Nos Estados Unidos, os principais índices futuros com atividades em Nova York acumulam perdas na manhã desta quinta-feira, 20 de fevereiro. Ao longo do dia, a atenção dos agentes de mercado deve recair também sobre as declarações de dirigentes do Federal Reserve, após a divulgação da ata da última reunião de política monetária do órgão na véspera. Caso os representantes do Fed reforcem a postura da ata e indiquem cautela em relação a novos cortes de juros, pode haver nova elevação nos rendimentos dos títulos do Tesouro norte-americano, o que tende a sustentar a cotação global do dólar.
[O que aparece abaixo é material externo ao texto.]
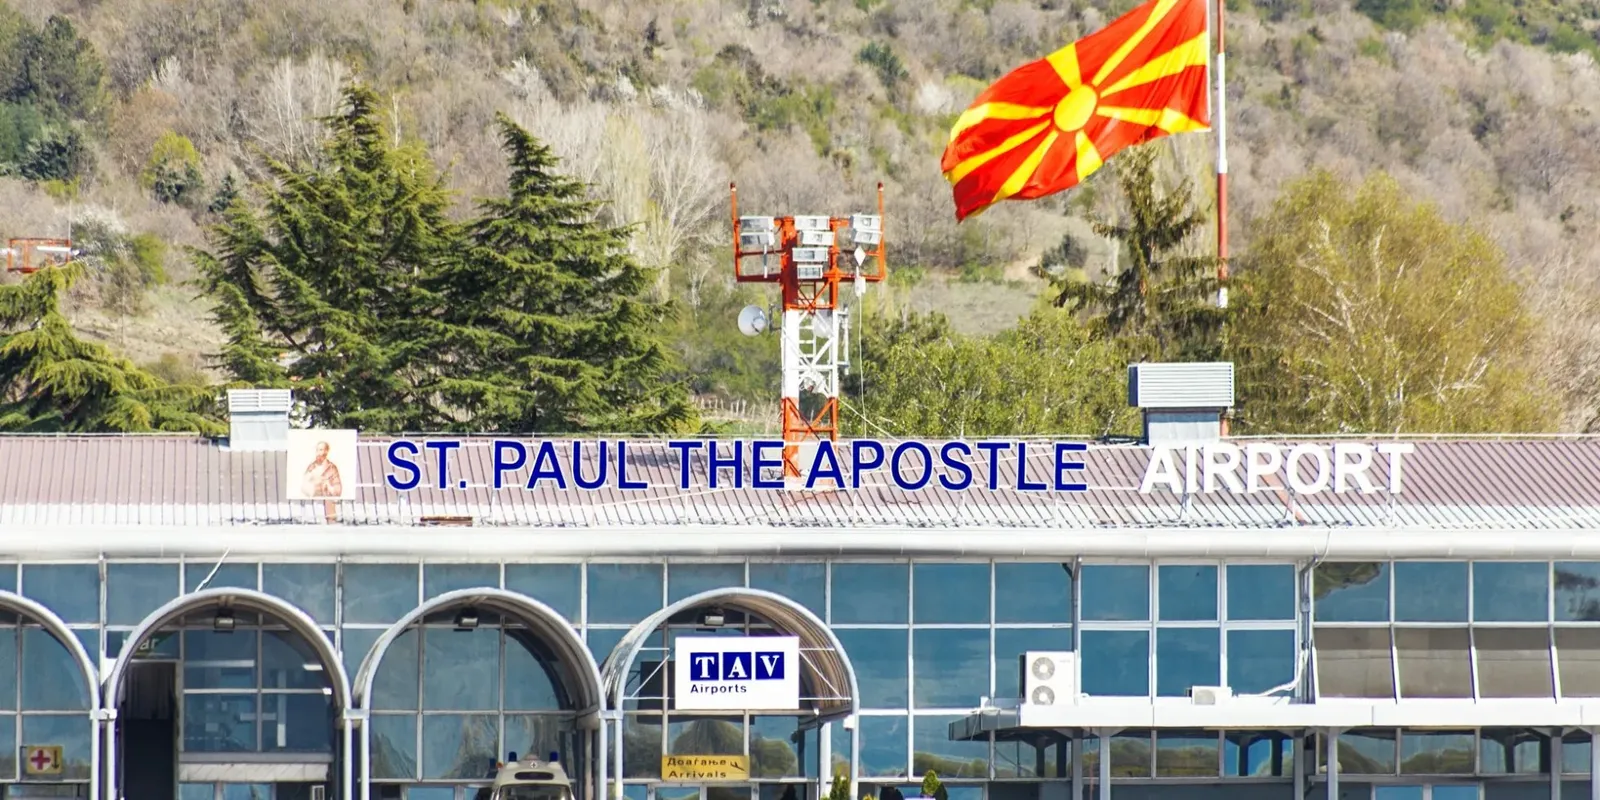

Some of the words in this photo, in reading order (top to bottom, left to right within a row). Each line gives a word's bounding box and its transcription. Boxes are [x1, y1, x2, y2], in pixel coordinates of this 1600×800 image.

Entre os mercados asiáticos, as bolsas operavam generalizadamente baixistas. Diante da ausência de direcionadores claros na agenda econômica, os investidores tendem a manter seu foco no ambiente externo, sobretudo nas recentes declarações do presidente dos Estados Unidos, Donald Trump, acerca da possibilidade de um acordo comercial com a China. Ontem, Trump sinalizou à imprensa a viabilidade de um novo pacto com o gigante asiático, ao qual já impôs tarifas adicionais de 10%. Essa postura mais moderada reforça a percepção de que seu governo, nas últimas semanas, tem se mostrado mais flexível do que inicialmente previsto, contribuindo para uma avaliação de risco mais equilibrada pelos participantes do mercado e, consequentemente, pressionando o desempenho global do dólar.
Na Europa, os mercados operam sem direção única nesta manhã, em meio ao fator de apreensão entre os investidores, que diz respeito à postura diplomática de Donald Trump em relação ao conflito entre Rússia e Ucrânia. Recentemente, o presidente norte-americano acusou a Ucrânia de ter iniciado a guerra e classificou o presidente do país, Volodymyr Zelenskiy, como um “ditador sem eleições”, gerando incertezas acerca da prometida resolução do confronto por Trump. Nesse cenário, um eventual agravamento das tensões geopolíticas pode elevar a percepção de risco por parte dos investidores, contribuindo para uma possível valorização do dólar.
No Brasil, o índice futuro Ibovespa (IBOV) inicia o dia com ganhos curtos, sem muita força. Para acompanhar os assuntos que devem movimentar os mercados ao longo do dia, acesse a Abertura de Câmbio.
Os preços futuros da soja se elevam por mais uma sessão, na manhã desta quinta-feira, 20 de fevereiro, em Chicago. As altas ocorrem mesmo em meio à colheita de uma safra recorde no Brasil. Assim, o que vem sustentando os preços da oleaginosa em patamares elevados é a forte demanda por produtos agrícolas dos Estados Unidos, talvez como uma tentativa dos compradores de se anteciparem às potenciais tarifas que possam vir a incluir o setor, e que tem gerado um sentimento de incertezas entre os investidores.
O milho, de forma semelhante à soja, também observou um movimento modesto de valorização entre os seus contratos futuros. O principal incentivo por trás destes ganhos tem sido a forte demanda por exportações dos Estados Unidos. Segundo dados do Departamento de Agricultura dos Estados Unidos (USDA, para a sigla em inglês), o número de inspeções para o milho na semana passada ultrapassou a marca de 1,6 milhão de toneladas métricas, superando as expectativas dos analistas.
O montante elevado de inspeções realizadas deve se refletir em maiores exportações para o milho dentro das próximas semanas.
No mercado do trigo, o ritmo de inspeções para exportações também está acelerado, contribuindo também para um aumento dos preços para o cereal. De acordo com os dados do USDA, as avaliações de trigo desde o início do ano de comercialização, em primeiro de junho, totalizaram 14,8 milhões de toneladas, acima das 12,1 milhões de toneladas fiscalizadas para a exportação durante o mesmo período do ano passado.
Ao mesmo tempo, preocupações relacionadas à oferta persistem entre os produtores. O frio extremo ameaça os cultivos em planícies do sul dos Estados Unidos e algumas regiões da Rússia, podendo prejudicar o desenvolvimento das plantas, que se encontram em período de hibernação.